What to work on.
A faithful copy of the entries is required, with no images in it.

Data supplied.
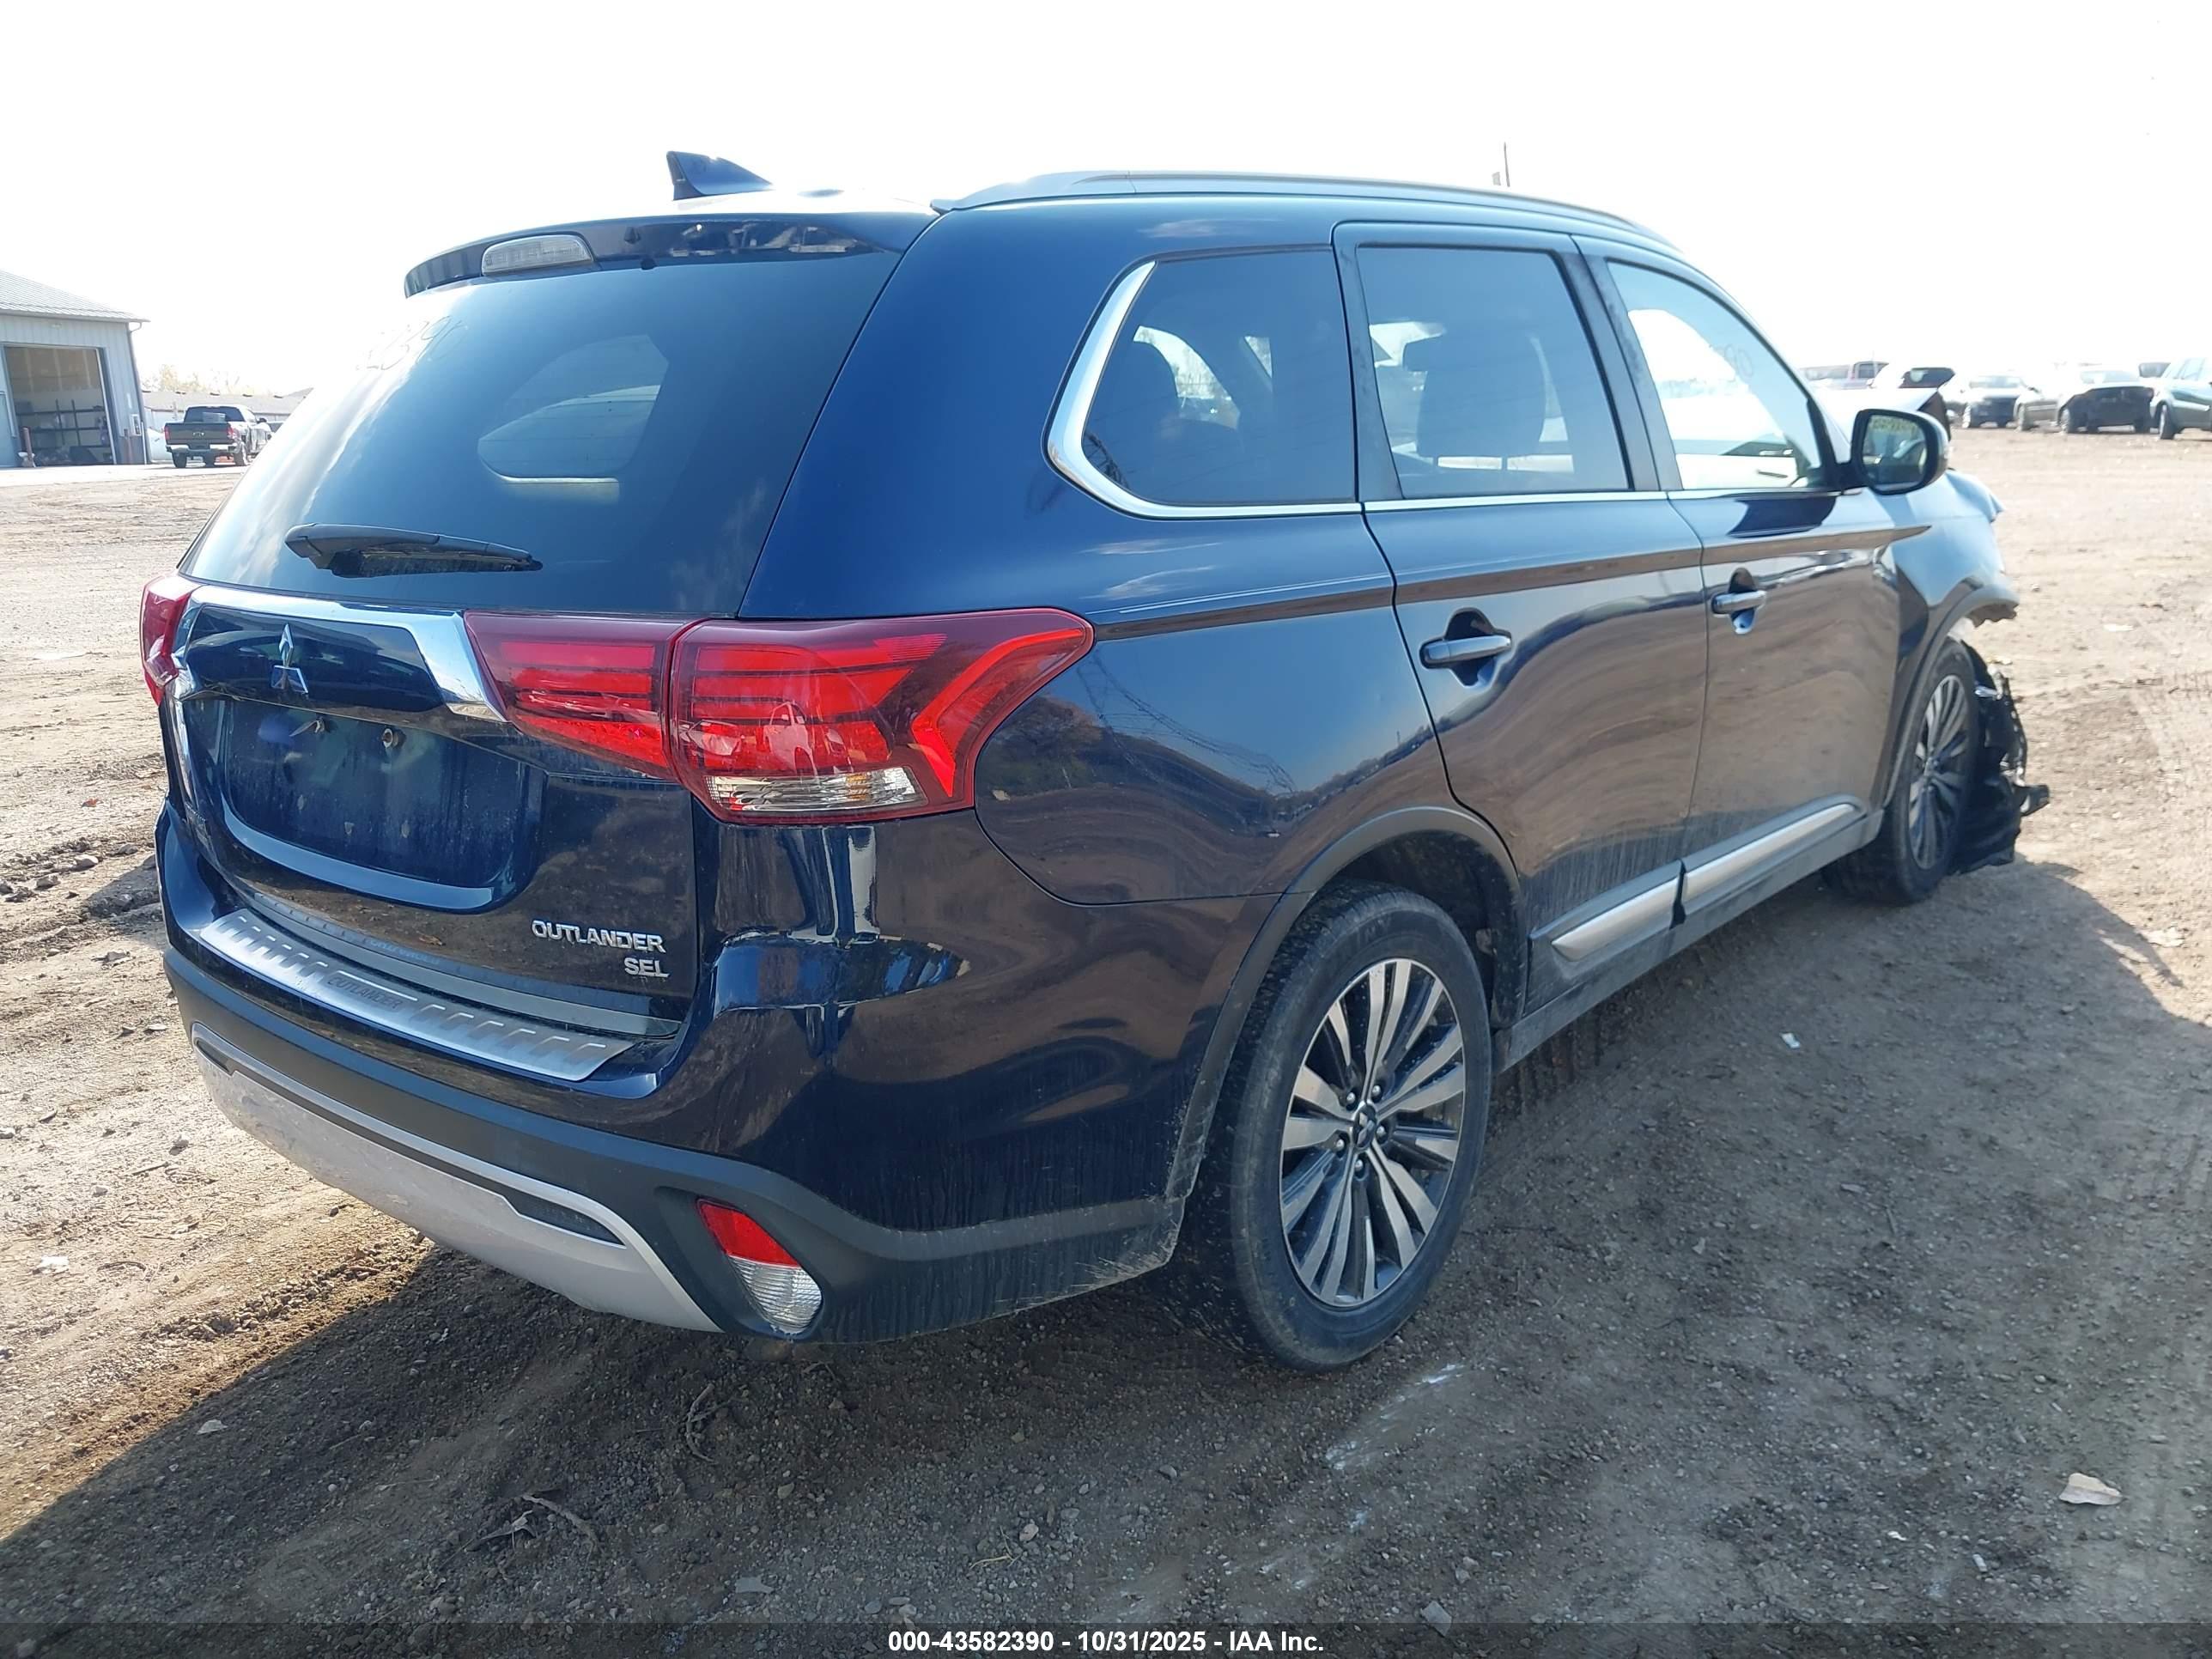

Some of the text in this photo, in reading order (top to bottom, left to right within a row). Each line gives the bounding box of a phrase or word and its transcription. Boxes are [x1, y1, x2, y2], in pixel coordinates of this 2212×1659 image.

[531, 919, 666, 954] OUTLANDER
[623, 957, 670, 979] SEL
[327, 975, 404, 1010] OUTLANDER
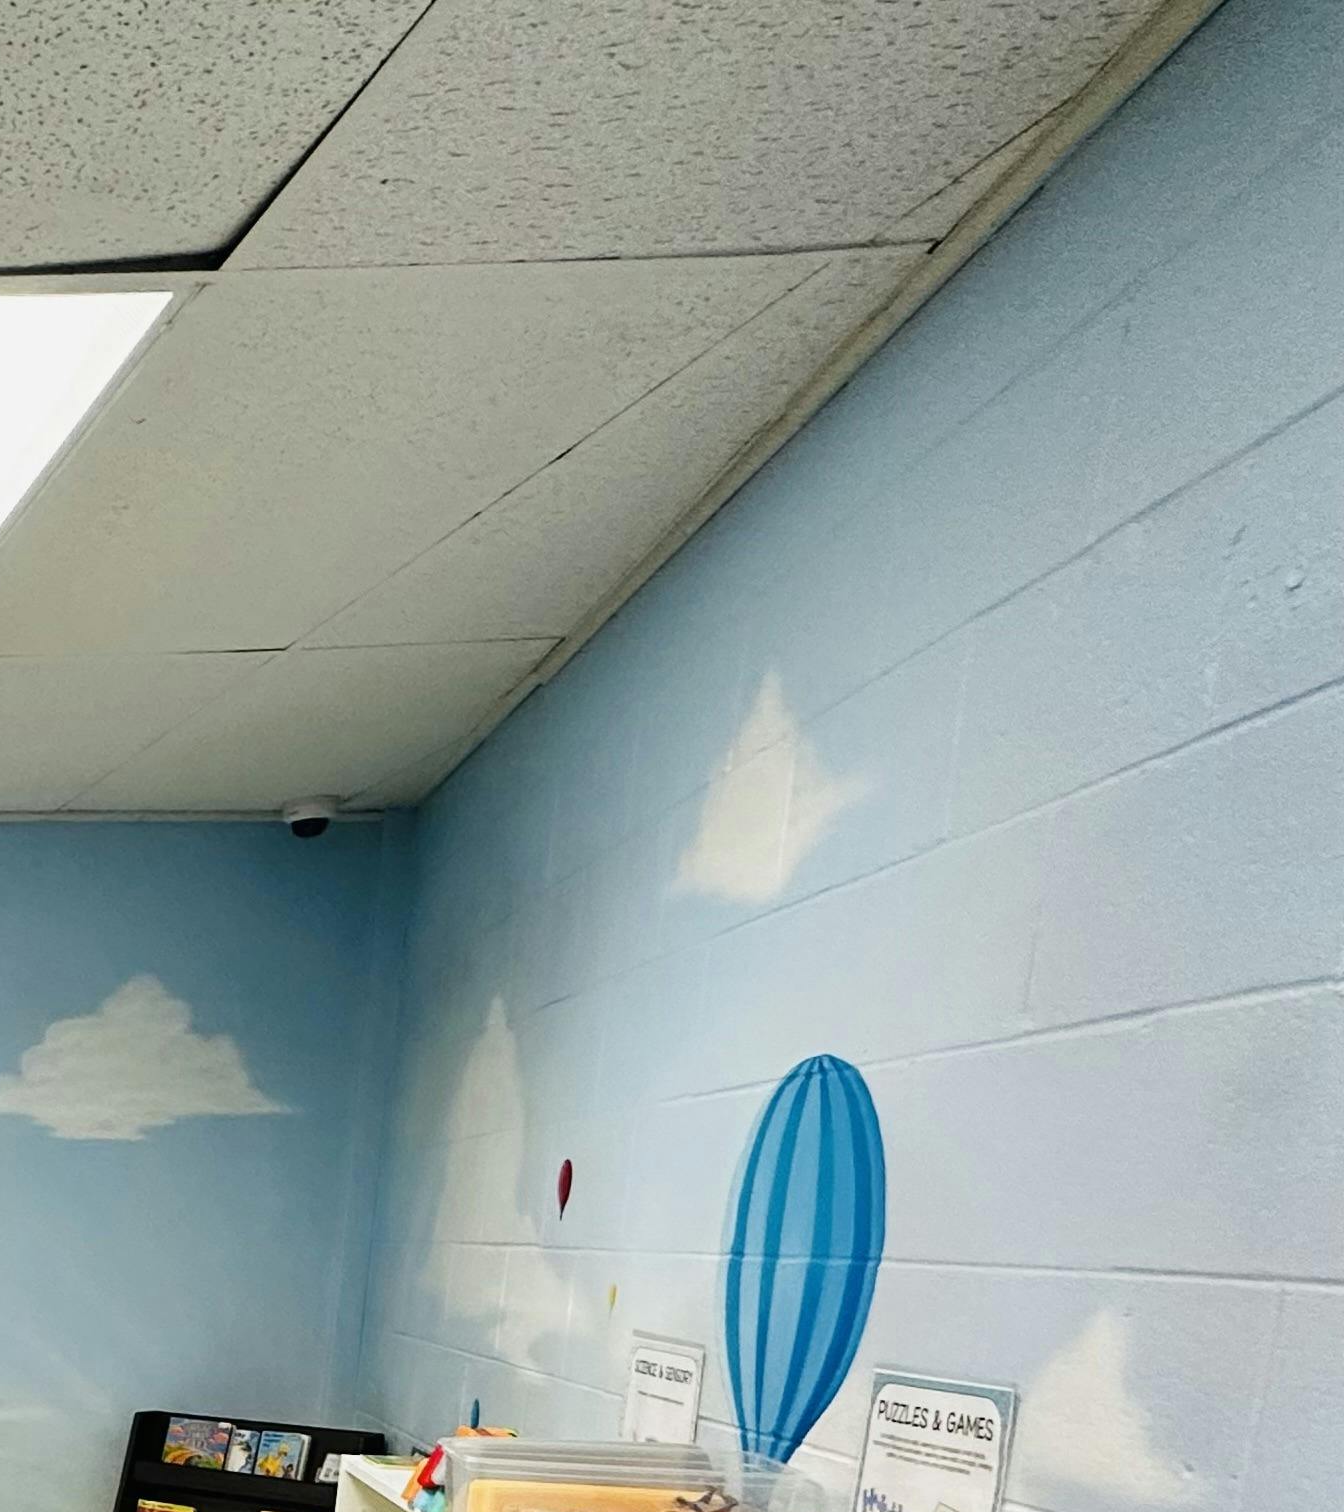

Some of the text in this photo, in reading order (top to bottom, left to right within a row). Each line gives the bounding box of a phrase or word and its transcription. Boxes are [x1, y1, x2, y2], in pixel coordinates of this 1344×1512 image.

Response area.
Some of the text in this photo, in reading order (top to bottom, left to right within a row). Each line gives the bounding box of a phrase or word and its transcription. Boxes are [x1, y1, x2, y2], in pixel coordinates of this 2212×1659 image.

[531, 919, 666, 954] OUTLANDER
[623, 957, 670, 979] SEL
[327, 975, 404, 1010] OUTLANDER

Some of the text in this photo, in reading order (top to bottom, left to right within a row). Each line gives the bounding box of a phrase or word and its transcription. Boxes are [x1, y1, x2, y2], in pixel coordinates of this 1344×1512 image.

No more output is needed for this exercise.